Xinyun Che studied Biological Science at China Agriculture University during her undergraduate period. In 2019, she received her Master degree in Biotechnology at the University of Queensland. Before she starts her PhD study at Leibniz-Institut für Neurobiologie in Magdeburg in 2021, she worked as a research technician at the Chinese Academy of Sciences for one year.

Felix Kuhn

Felix Kuhn obtained a bachelor’s degree in physics at the University of Würzburg in 2018. In 2021 he completed the master’s program Integrative Neuroscience at the Otto von Guericke University in Magdeburg. He did his master’s thesis in the research group Comparative Neuroscience at the Leibniz Institute for Neurobiology before he joined the department of Cellular Neuroscience for his PhD project.

Our Research

In our experimental approach we use transgenic mice with AD specific hallmarks, such as the accumulation of amyloid beta plaques. We use fluorescence in-situ hybridization of cell type specific mRNA to identify differences in the prevalence and distribution of different molecular cell types between wild type and transgenic animals. With two-photon in vivo calcium imaging we are further able to image the activity of hundreds of neurons in the hippocampus of the animals while they are performing in a spatial memory task. Machine learning based analysis techniques allow us to find correlations between pathological behavior and impaired neuronal activity. We also investigate to which extend the transgenic animals allocate cognitive resources to compensate for the impairment of specific hippocampal circuitries.

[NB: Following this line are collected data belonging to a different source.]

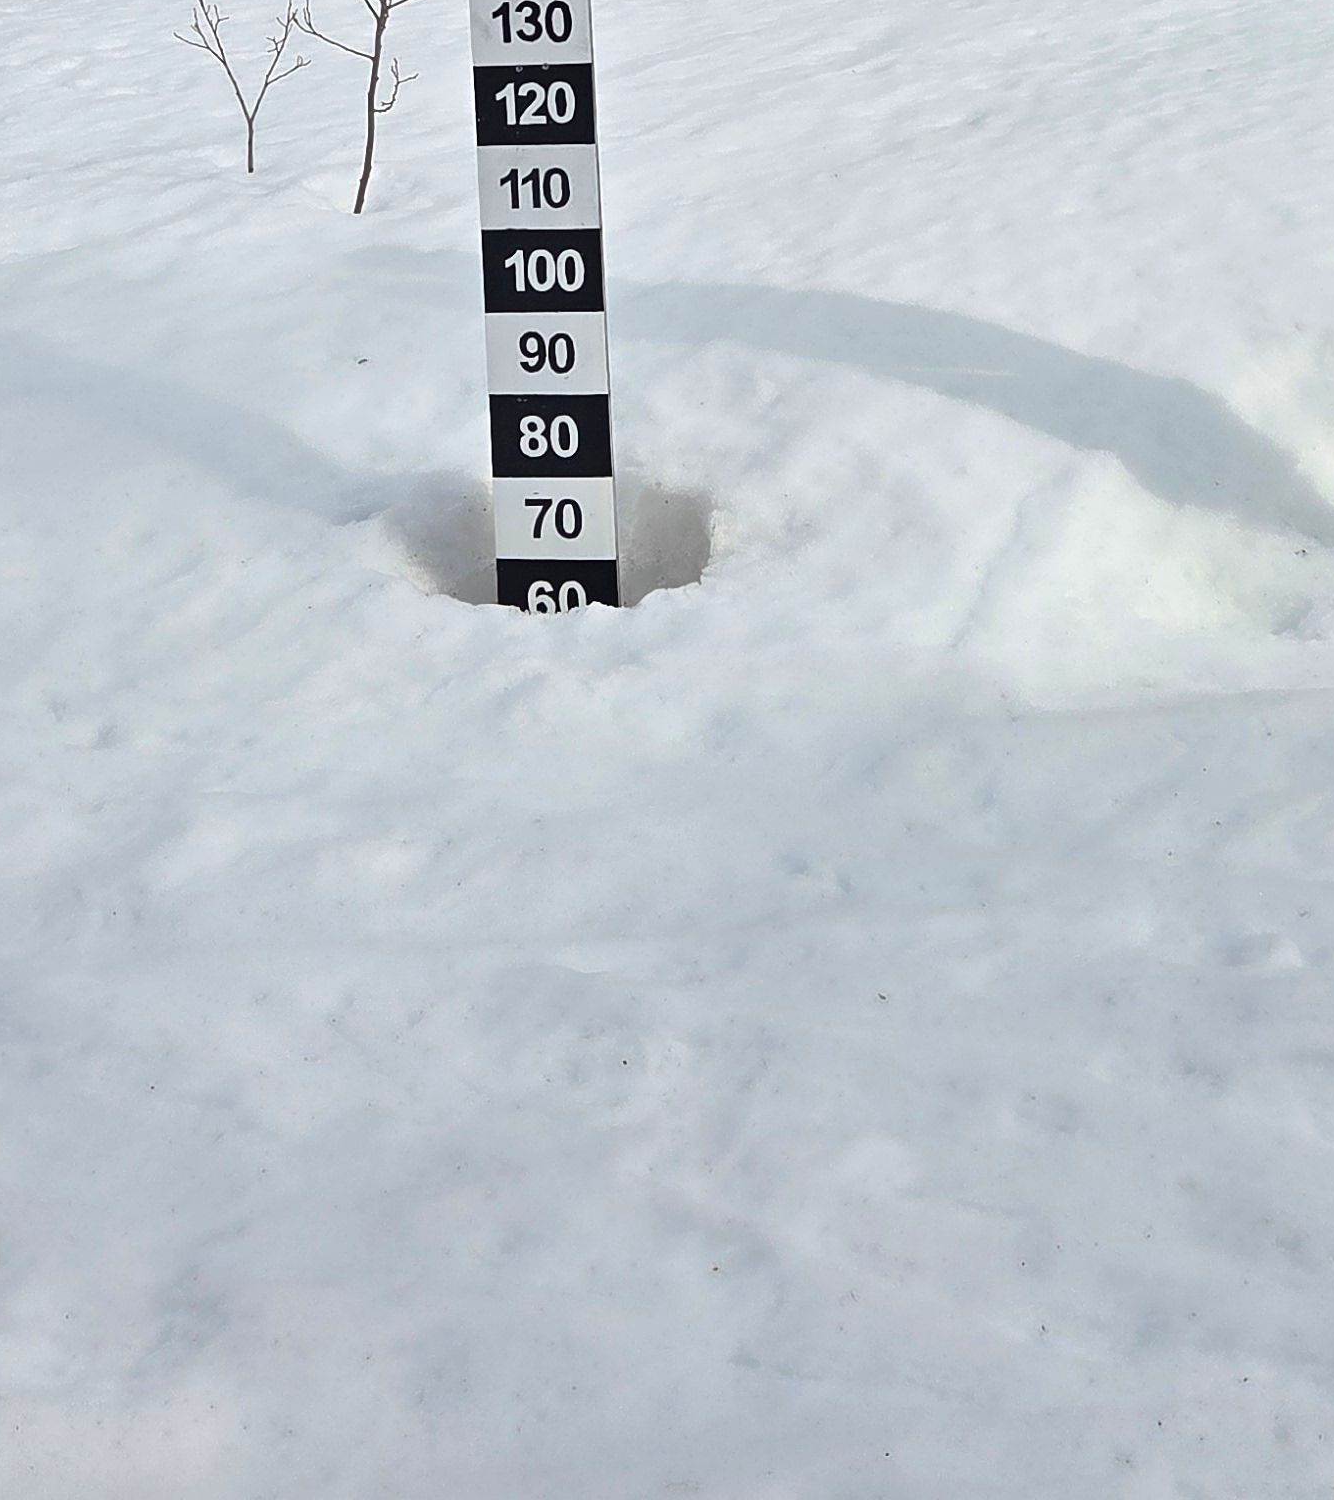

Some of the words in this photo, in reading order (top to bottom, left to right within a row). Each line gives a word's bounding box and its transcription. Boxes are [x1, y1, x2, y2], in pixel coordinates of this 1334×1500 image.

[491, 0, 572, 44] 130
[494, 80, 575, 126] 120
[499, 166, 571, 210] 110
[504, 248, 585, 293] 100
[519, 330, 575, 375] 90
[519, 415, 579, 458] 80
[524, 498, 583, 540] 70
[528, 580, 587, 614] 60
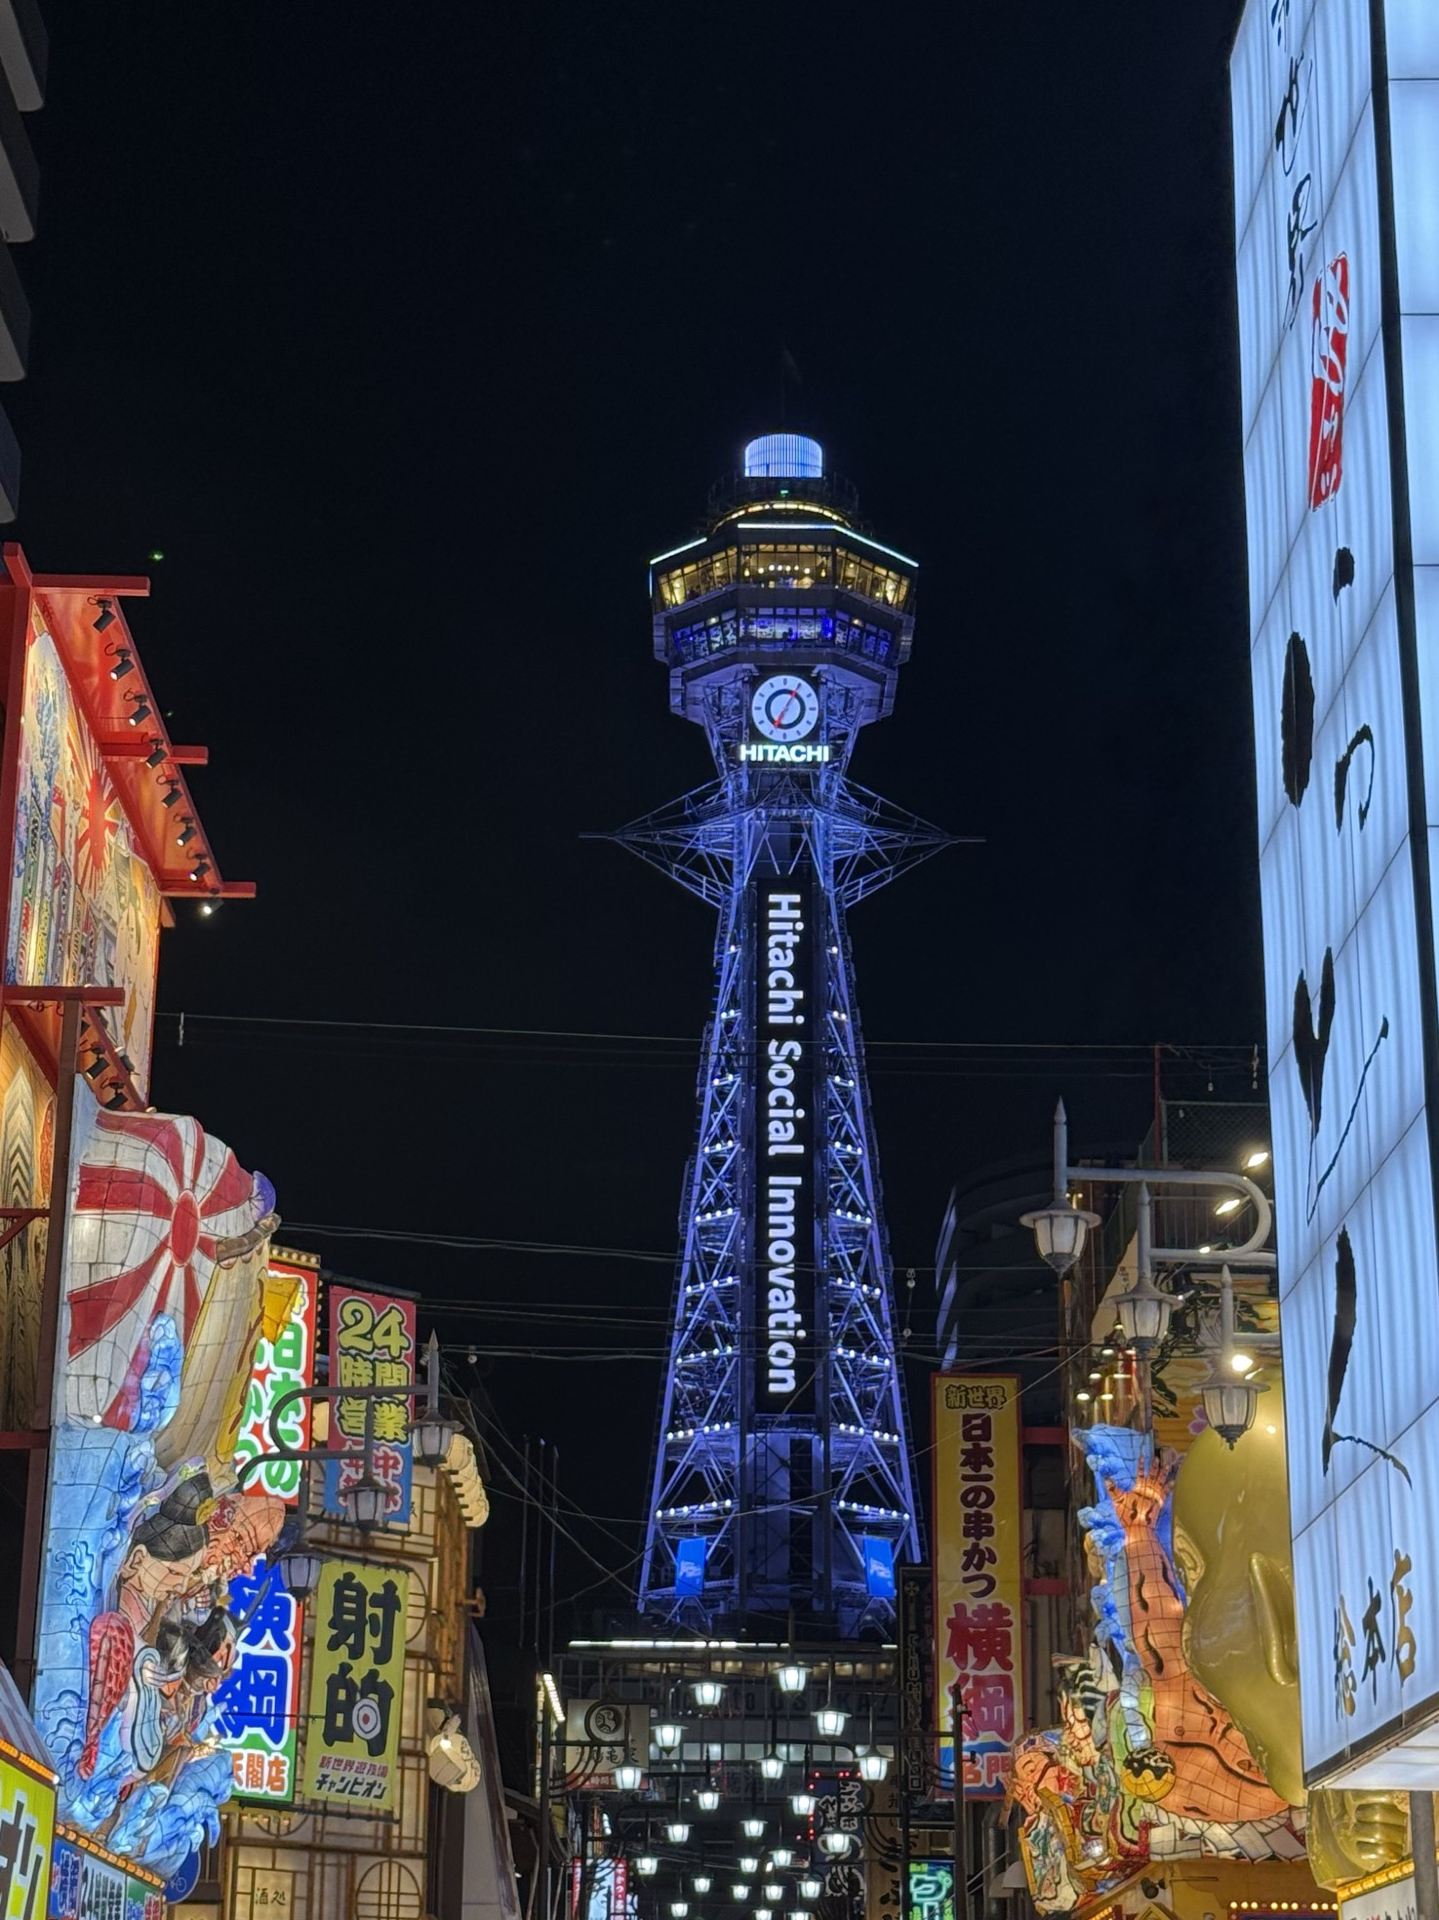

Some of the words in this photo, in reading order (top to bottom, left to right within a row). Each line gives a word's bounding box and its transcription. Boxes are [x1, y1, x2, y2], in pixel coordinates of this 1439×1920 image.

[740, 745, 830, 763] HITACHI
[767, 894, 804, 1025] Hitachi
[767, 1038, 805, 1156] Social
[767, 1176, 806, 1394] Innovation
[944, 1384, 1007, 1410] 新世界
[959, 1412, 998, 1600] 日本一の串かつ
[322, 1571, 402, 1758] 射的
[945, 1602, 1014, 1745] 横綱
[1333, 1548, 1416, 1721] 総本店
[316, 1773, 388, 1800] チャンピオン

Locomotion is known to alter HC activity in rodents. In a translational approach we study whether locomotion has the potential to regulate HC theta activity and leads to improvement of memory capacity in human subjects. The notion that motion and cognition are densely linked dates back to the astonishingly modern Peripatetic school of philosophy in ancient Greece. A central claim is that exercise can improve memory, attention, and help people think creatively. Unfortunately, only a few behavioral studies in humans showed that walking is associated with better performance in divergent thinking. However, the neurophysiological mechanisms at the functional neural network level are still unclear.

The aims of our research

The aim of our research is to investigate whether and how motion can affect the encoding of information into memory and retrieval of memory content and how neural network activity enables this motion and cognition interaction. Utilizing the exquisite temporal and spectral resolution of non-invasive magnetoencephalographic and invasive electrocorticographic recordings we seek to delineate the neuronal mechanisms.